I have an experimental design in which I received counts data for different treatment conditions after transfection with shRNAs. The counts data from each shRNA should serve as a proxy for whether or not the gene associated with said shRNA was associated with preferential survival or death in the given treatment conditions.
The obstacle, however, is that the library used has multiple shRNAs for all of the genes. In some respects, this is a similar issue to a previous post I made with respect to PantherDB (one to which I unfortunately received no replies/insights). The EdgeR documentation (page 26) indicates that the row names should be the names of the genes in order for the program to conduct GO/pathway analysis. This requirement, however, is an obstacle for me given that I cannot have duplicate row names and genes may have more than one associated row.
As of right now, I have the row names of my dataframe set to the gene names followed by the corresponding gene number (if over one). For example, the following are all row names:
C1QL4
, C1QL4_2
, C1QL4_3
, etc.
Is there a particular way in which I could conduct Go analysis given this constraint? I was considering using a selected 'row' for each gene based on p-value and log2Fold change but do not know if this is considered a valid approach.

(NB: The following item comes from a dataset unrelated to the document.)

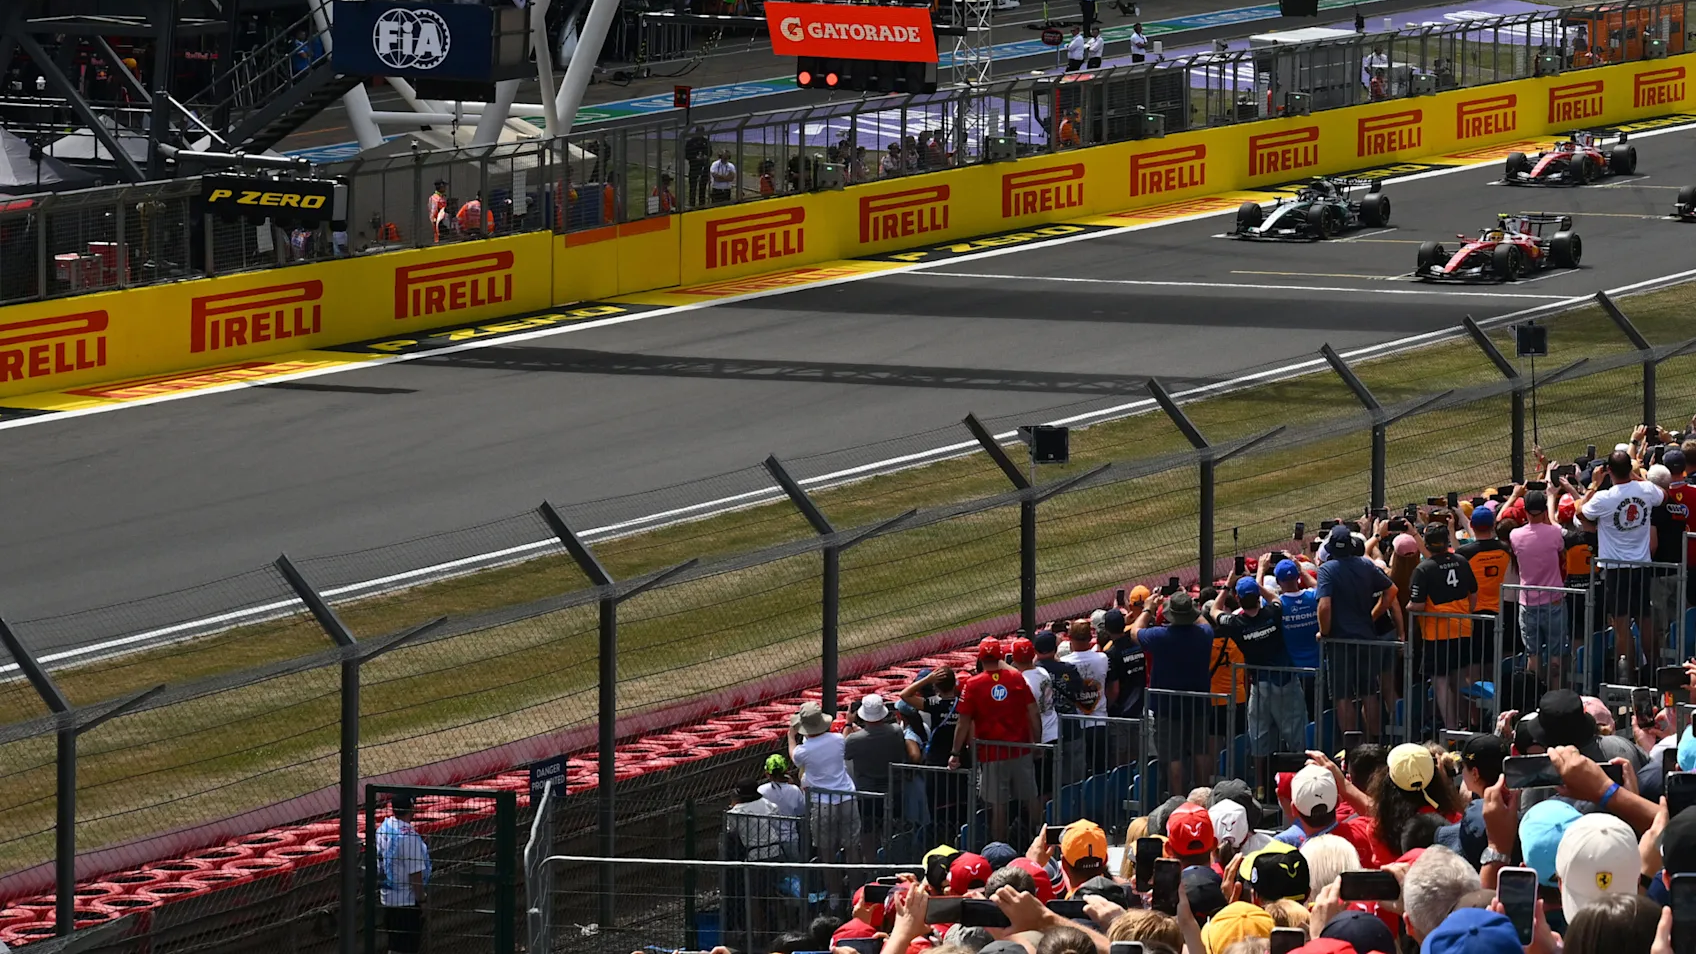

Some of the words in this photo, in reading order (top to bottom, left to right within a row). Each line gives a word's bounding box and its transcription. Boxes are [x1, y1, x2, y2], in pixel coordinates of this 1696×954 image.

If the above is not a valid approach:
- How can I account for the fact that there are multiple 'data points' for each gene with respect to p-value and log2Fold change?
If the above is a valid approach:
- How exactly can I determine which 'row' for each gene should serve as my 'exemplar'? Is there scientific validity to choosing the row with the largest log2Fold change after some p-value thresholding? Or is that perhaps cherry-picking data?